On the background of the recent economic crisis, the focus of this study is on the impact of different levels of intensity of the crisis on earnings management activities. The expectations this study forms around the topic is that earnings management activities increase as the financial turmoil increases in intensity, and decrease otherwise. This argument is backed up by several ideas as follows.

Firstly, a loss of confidence in the market is suggested to drive up earnings management activities due to the inability of investors to rely on the “gatekeepers” in the economy - that is on auditors, financial intermediaries and others – and on the market itself. Secondly, the world of accounting practice is also suggested to have a contribution in the level of earnings management activities in the economy. This view is supported by both the space within accounting principles that managers have to mend the timely recognition of earnings, and the inability of accounting professionals to enforce rigorous corporate disclosure of company data. Lastly, manager’s personal and financial objectives, together with a period of financial distress might be factors that drive them to engage in earnings management activities in order to ensure the survival of the company.

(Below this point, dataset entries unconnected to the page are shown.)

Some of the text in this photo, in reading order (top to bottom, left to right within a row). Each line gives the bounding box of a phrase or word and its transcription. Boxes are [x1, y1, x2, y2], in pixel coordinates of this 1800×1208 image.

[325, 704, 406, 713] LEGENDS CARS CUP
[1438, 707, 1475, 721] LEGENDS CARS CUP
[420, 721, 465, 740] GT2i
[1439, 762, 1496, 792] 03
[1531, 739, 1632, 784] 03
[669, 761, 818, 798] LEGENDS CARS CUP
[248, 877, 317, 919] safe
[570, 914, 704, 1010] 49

In order to determine whether or not there is conclusive evidence to support the hypothesis of this study, yearly company data of small, mid and large capitalization firms was analyzed for a period of 6 years. The findings of this study did not provide sufficient evidence to conclude that earnings management activities increase as the intensity of the European Debt Crisis increase, or they decrease as the intensity of the crisis decreases.

However, the study has certain limitations that could represent a starting point for future research. First, the sample of data is not very homogenous in terms of the participation of each country. By restricting the sample size to isolate the effects of the European Debt Crisis on only countries severely affected by it, more conclusive results might be obtained. Lastly, the analysis might provide more interesting insights by using a different proxy for earnings management activities.